> Data provided
◆ ◆ ◆ ◆

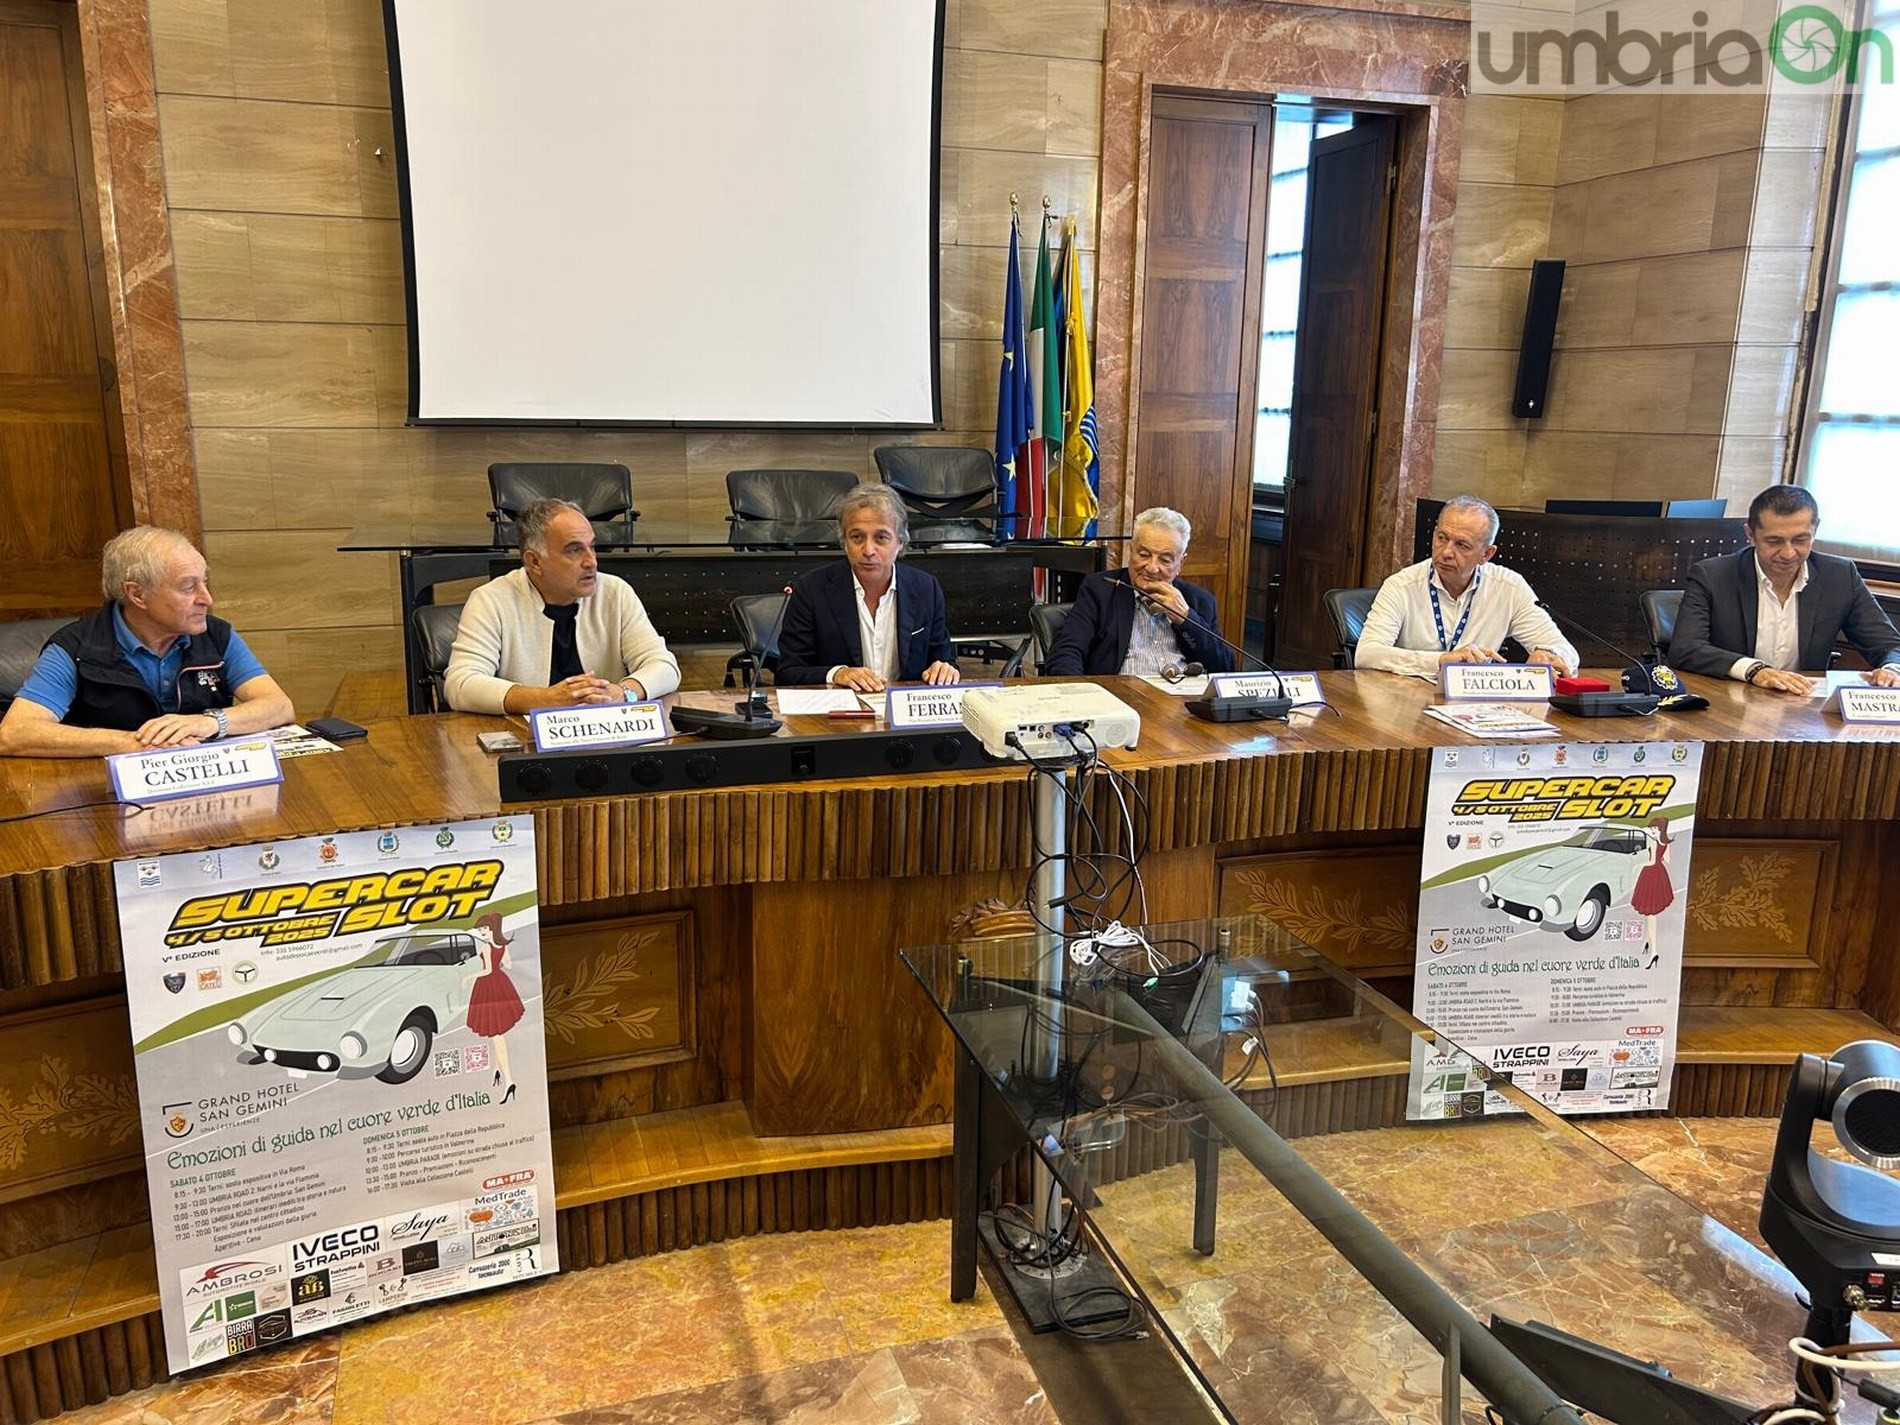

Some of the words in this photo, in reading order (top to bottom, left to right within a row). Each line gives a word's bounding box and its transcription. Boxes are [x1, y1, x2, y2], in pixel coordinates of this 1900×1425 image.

[1462, 668, 1504, 677] Francesco
[1235, 679, 1271, 687] Maurizio
[1238, 687, 1300, 697] SPEZILI
[1463, 678, 1535, 690] FALCIOLA
[907, 693, 951, 701] Francesco
[1849, 691, 1896, 700] Francesco
[546, 714, 580, 725] Marco
[549, 718, 656, 740] SCHENARDI
[141, 759, 166, 769] Pier
[171, 751, 219, 765] Giorgio
[145, 759, 249, 786] CASTELLI
[1456, 776, 1675, 800] SUPERCAR
[1487, 803, 1557, 812] OTTOBRE
[1557, 798, 1663, 818] SLOT
[175, 862, 502, 929] SUPERCAR
[337, 888, 492, 933] SLOT
[224, 912, 336, 939] OTTOBRE
[264, 926, 329, 944] 2025
[1452, 927, 1484, 935] GRAND
[1488, 925, 1515, 933] HOTEL
[1473, 935, 1506, 943] GEMINI
[174, 948, 220, 961] EDIZIONE
[1428, 961, 1476, 975] Emozioni
[1479, 961, 1488, 973] di
[1490, 959, 1520, 976] guida
[1522, 959, 1538, 973] nel
[1540, 960, 1572, 971] cuore
[1576, 957, 1604, 970] verde
[1608, 956, 1640, 969] d'Italia
[1492, 1058, 1549, 1068] STRAPPINI
[1493, 1046, 1550, 1060] IVECO
[198, 1090, 250, 1110] GRAND
[257, 1081, 299, 1099] HOTEL
[199, 1108, 229, 1123] SAN
[235, 1096, 287, 1116] GEMINI
[167, 1140, 247, 1169] Emozioni
[251, 1134, 266, 1153] di
[270, 1124, 315, 1153] guida
[319, 1117, 342, 1139] nel
[346, 1109, 392, 1133] cuore
[396, 1097, 441, 1122] verde
[445, 1087, 490, 1112] d'Italia
[362, 1131, 394, 1144] DOMENICA
[401, 1124, 428, 1136] OTTOBRE
[169, 1175, 196, 1189] SABATO
[205, 1167, 236, 1181] OTTOBRE
[474, 1186, 526, 1206] MedTrade
[390, 1212, 449, 1242] Saya
[292, 1223, 378, 1260] IVECO
[294, 1241, 380, 1272] STRAPPINI
[185, 1264, 282, 1296] AMBROSI
[226, 1319, 253, 1336] BIRRA

◆ ◆ ◆ ◆

> Try it
Whenever the word "OTTOBRE" shows up in a line of the entries above, copy that line.

> Result of the task
[1487, 803, 1557, 812] OTTOBRE
[224, 912, 336, 939] OTTOBRE
[401, 1124, 428, 1136] OTTOBRE
[205, 1167, 236, 1181] OTTOBRE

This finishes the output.